Benny has a spacious farm land to irrigate. The farm land was a rectangle, and is divided to a lot of SAMLL squares. Water pipes is placed in these squares. Different Square has a Different type of pipe. There is one types of pipes, which is marked from A to K, as Figure 1 shows.
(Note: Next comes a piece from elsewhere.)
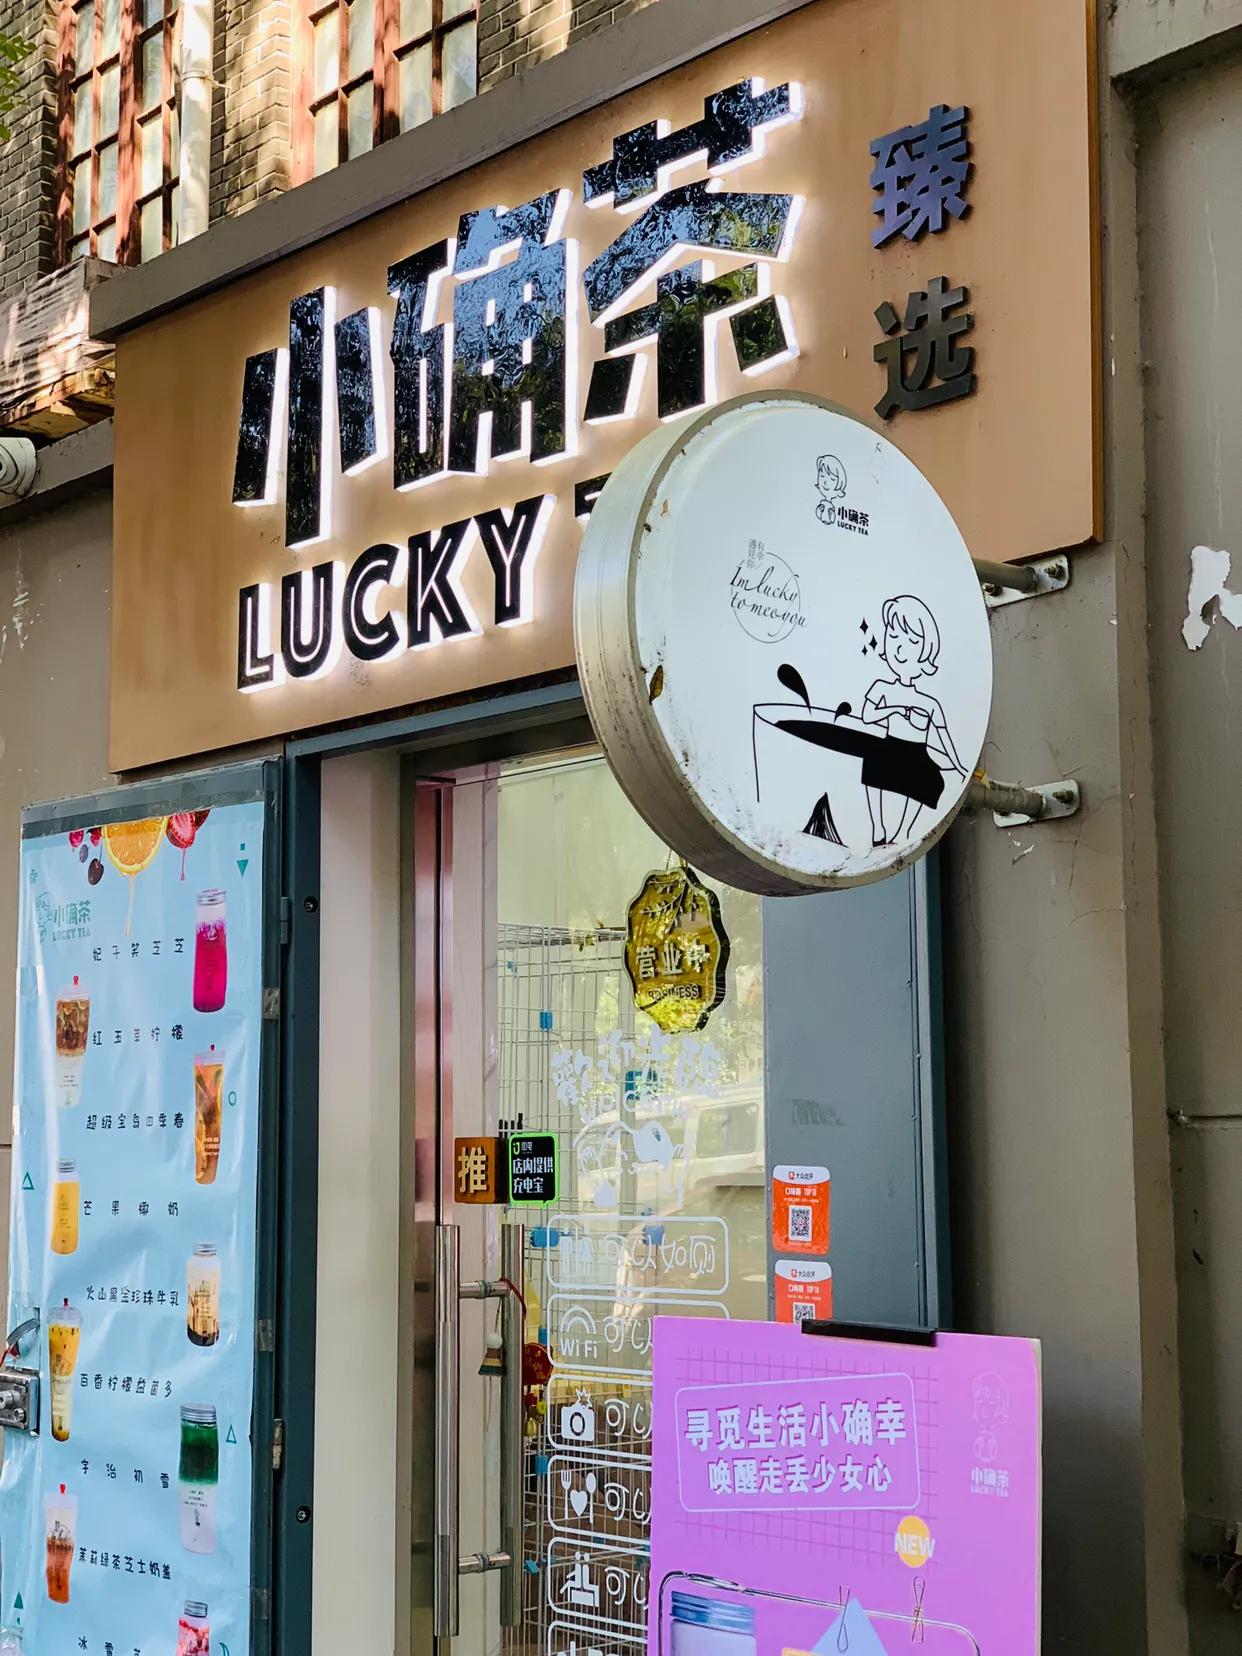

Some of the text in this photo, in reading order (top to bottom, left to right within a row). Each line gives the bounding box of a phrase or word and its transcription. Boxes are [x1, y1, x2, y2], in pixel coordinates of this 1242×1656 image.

Benny has a map of his farm, which is an array of marks denoting the distribution of water in the over the pipes farm. For example, if he has a map

Adc
Fjk
IHE

Then the water pipes is distributed like

Several Wellsprings is found in the center of some squares, so water can flow along the pipes from one square to another. If water flow crosses one square, the whole farm land in this square is irrigated and would have a good harvest in autumn.
Now Benny wants to know on least how many wellsprings should is found to has the whole farm land irrigated. Can you help him?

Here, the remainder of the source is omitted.